Write out all of the records exactly once more and skip the images.

=== Begin Enclosure ===

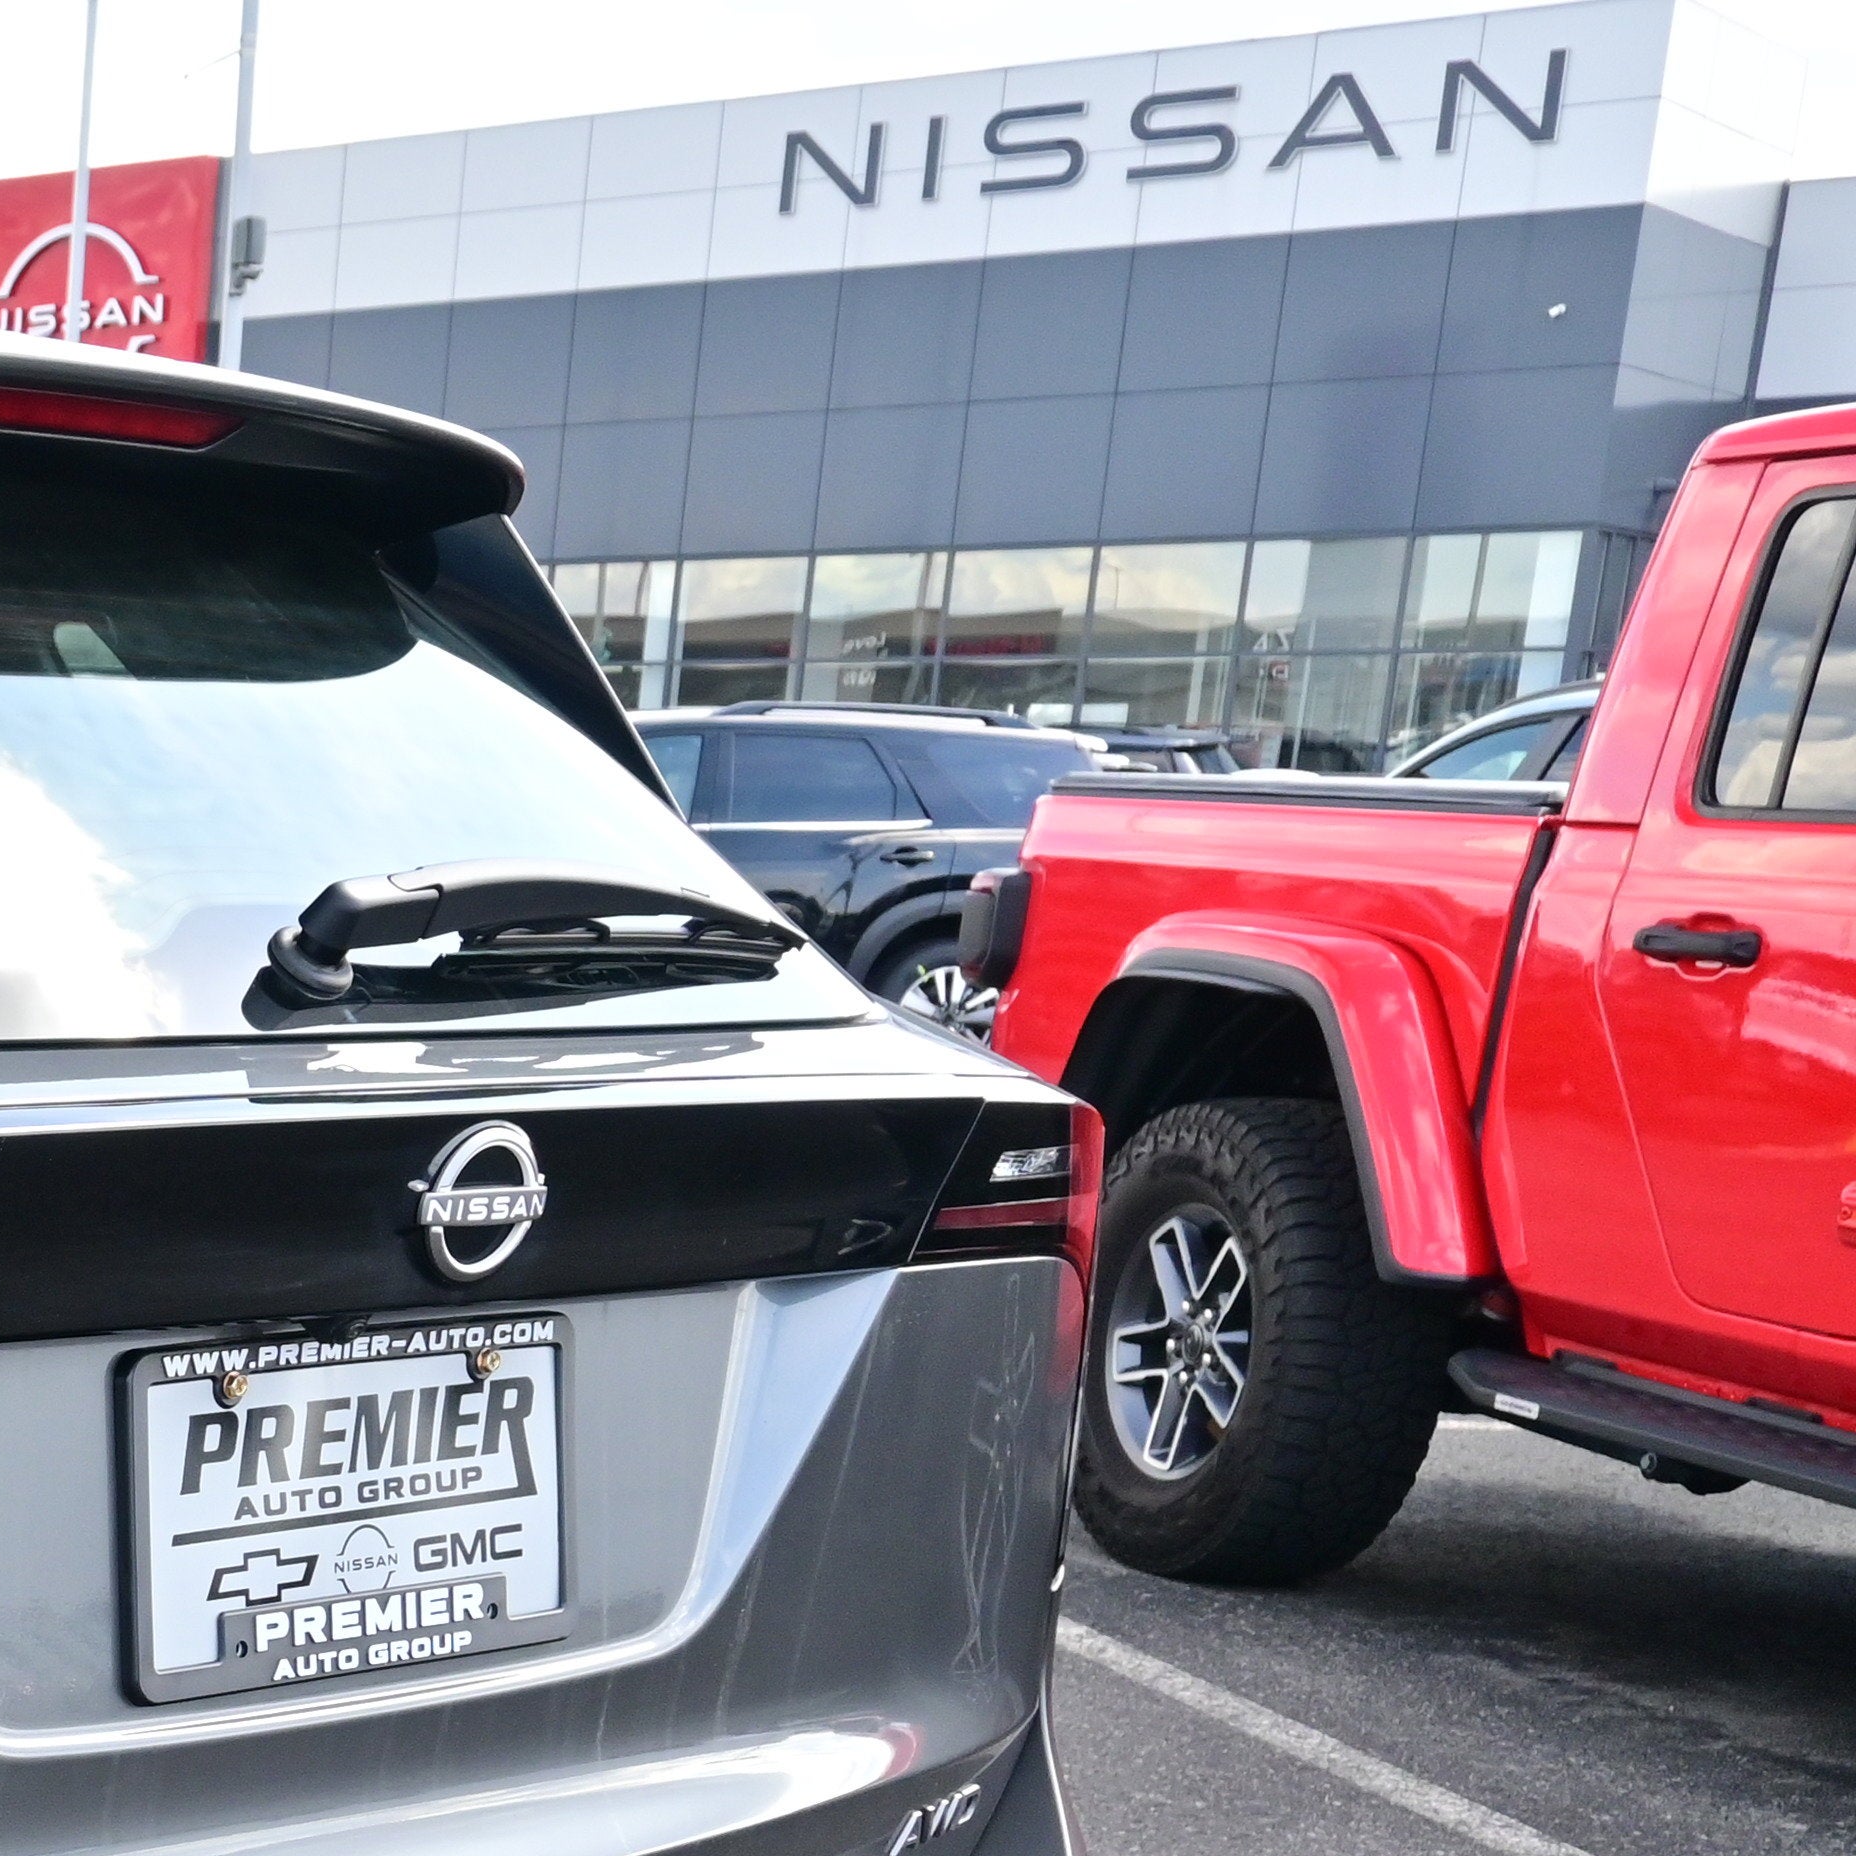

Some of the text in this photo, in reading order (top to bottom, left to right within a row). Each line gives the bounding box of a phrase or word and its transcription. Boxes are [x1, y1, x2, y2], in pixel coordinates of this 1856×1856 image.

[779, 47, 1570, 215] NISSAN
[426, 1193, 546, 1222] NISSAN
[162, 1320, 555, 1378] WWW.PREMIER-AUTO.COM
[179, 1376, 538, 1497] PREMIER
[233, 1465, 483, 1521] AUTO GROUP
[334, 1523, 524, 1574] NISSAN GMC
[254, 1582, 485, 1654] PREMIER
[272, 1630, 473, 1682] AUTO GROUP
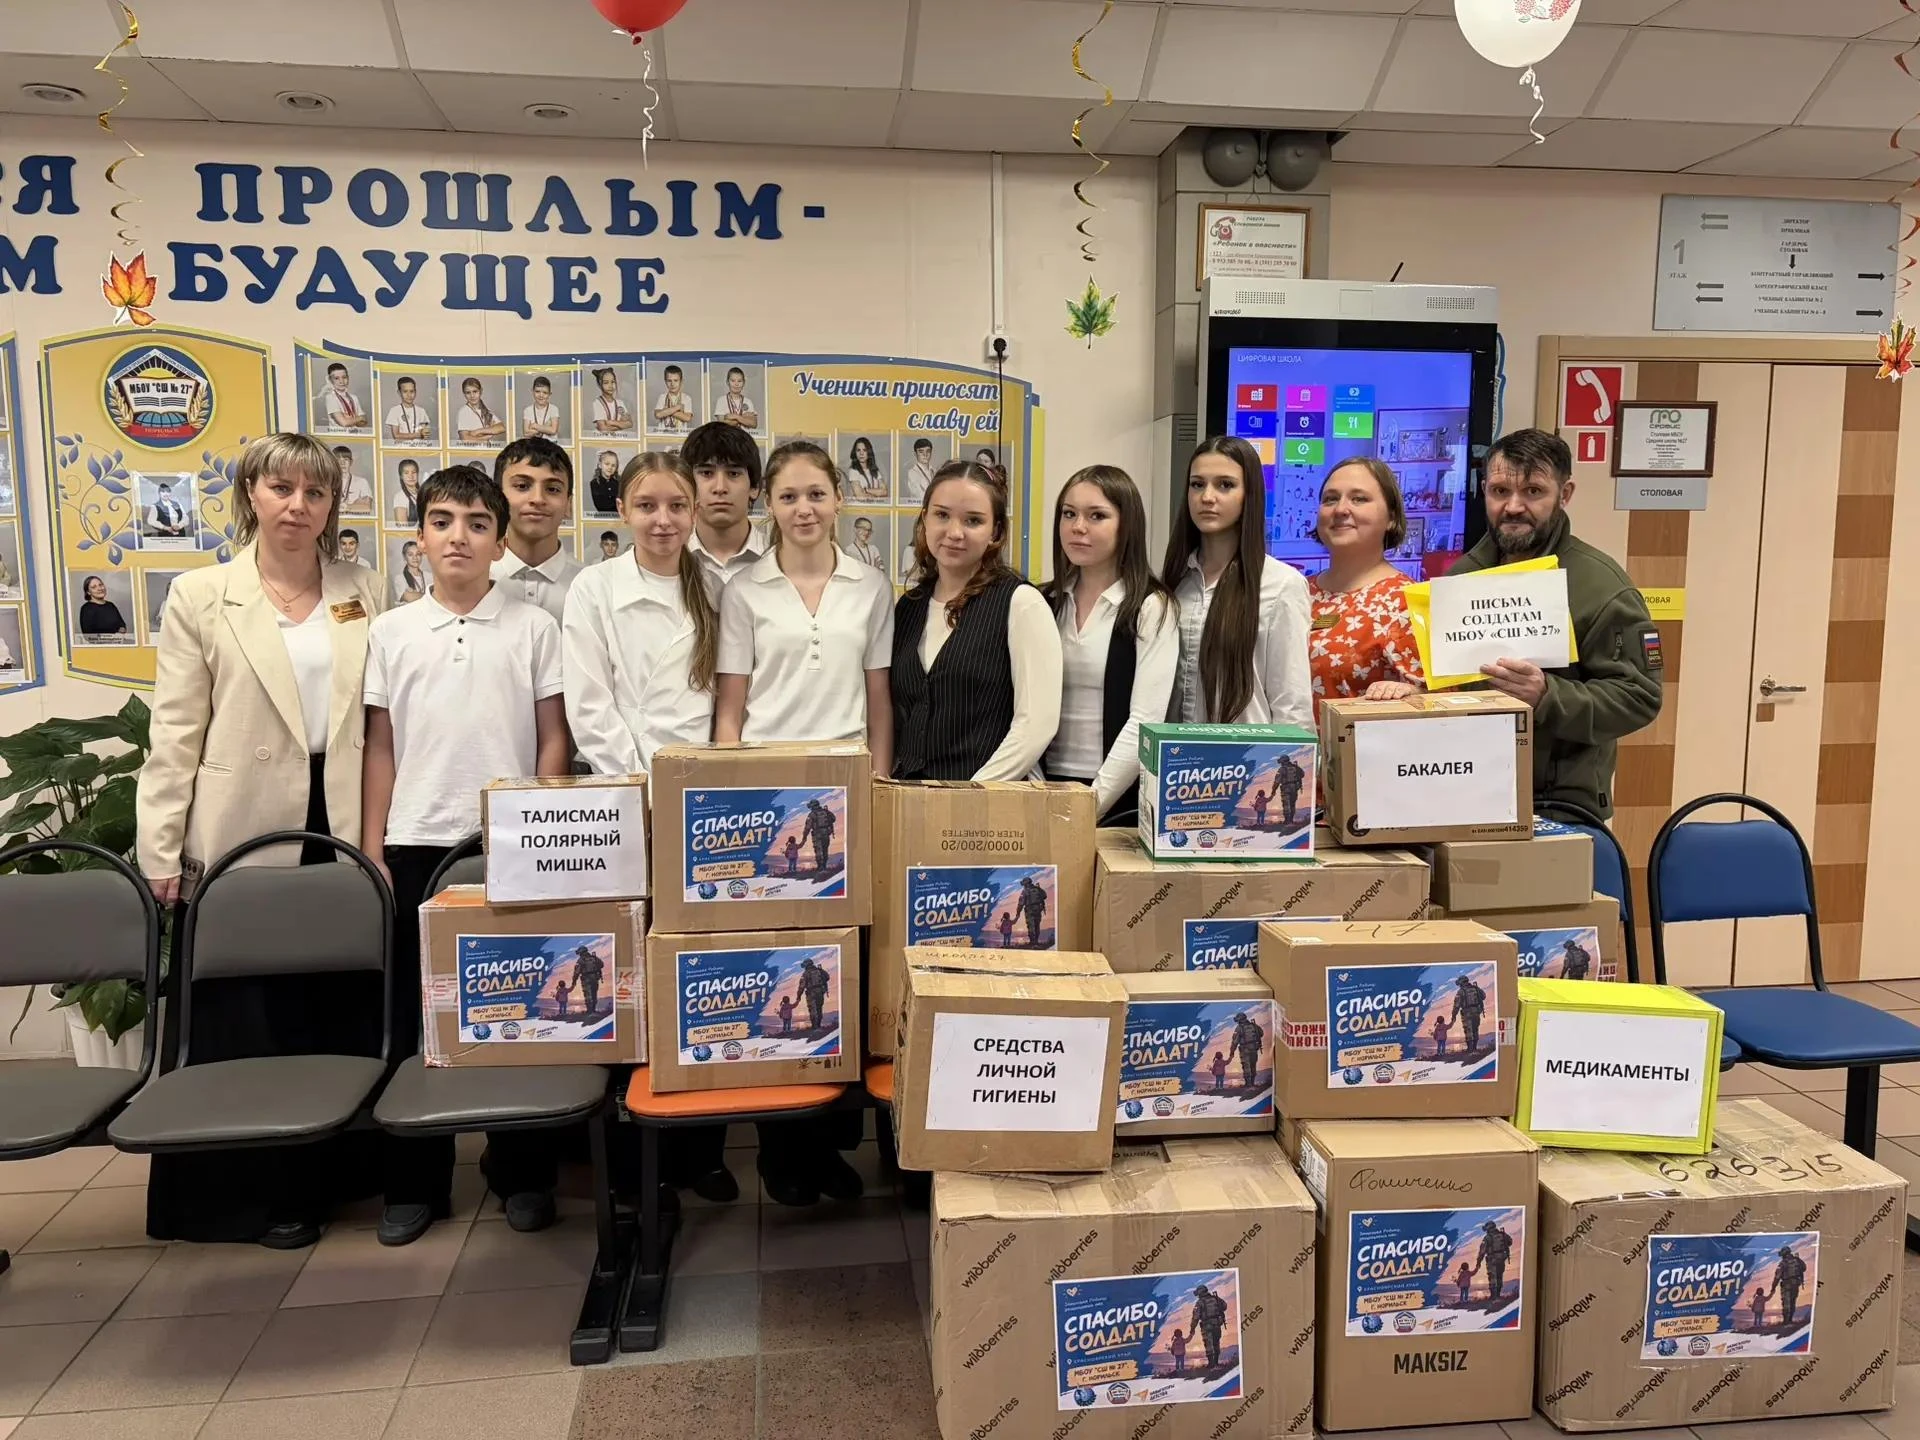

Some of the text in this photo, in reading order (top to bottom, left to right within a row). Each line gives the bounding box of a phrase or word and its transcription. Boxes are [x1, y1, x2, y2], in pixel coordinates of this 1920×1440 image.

=== End Enclosure ===

• **WRITTEN ANSWER**
Some of the text in this photo, in reading order (top to bottom, left to right within a row). Each line gives the bounding box of a phrase or word and its transcription. Boxes are [x1, y1, x2, y2], in pixel coordinates of this 1856×1856 image.

[779, 47, 1570, 215] NISSAN
[426, 1193, 546, 1222] NISSAN
[162, 1320, 555, 1378] WWW.PREMIER-AUTO.COM
[179, 1376, 538, 1497] PREMIER
[233, 1465, 483, 1521] AUTO GROUP
[334, 1523, 524, 1574] NISSAN GMC
[254, 1582, 485, 1654] PREMIER
[272, 1630, 473, 1682] AUTO GROUP

Some of the text in this photo, in reading order (top to bottom, left to right within a row). Each line gives the bounding box of a phrase or word and its transcription. Boxes are [x1, y1, x2, y2], in pixel coordinates of this 1920×1440 image.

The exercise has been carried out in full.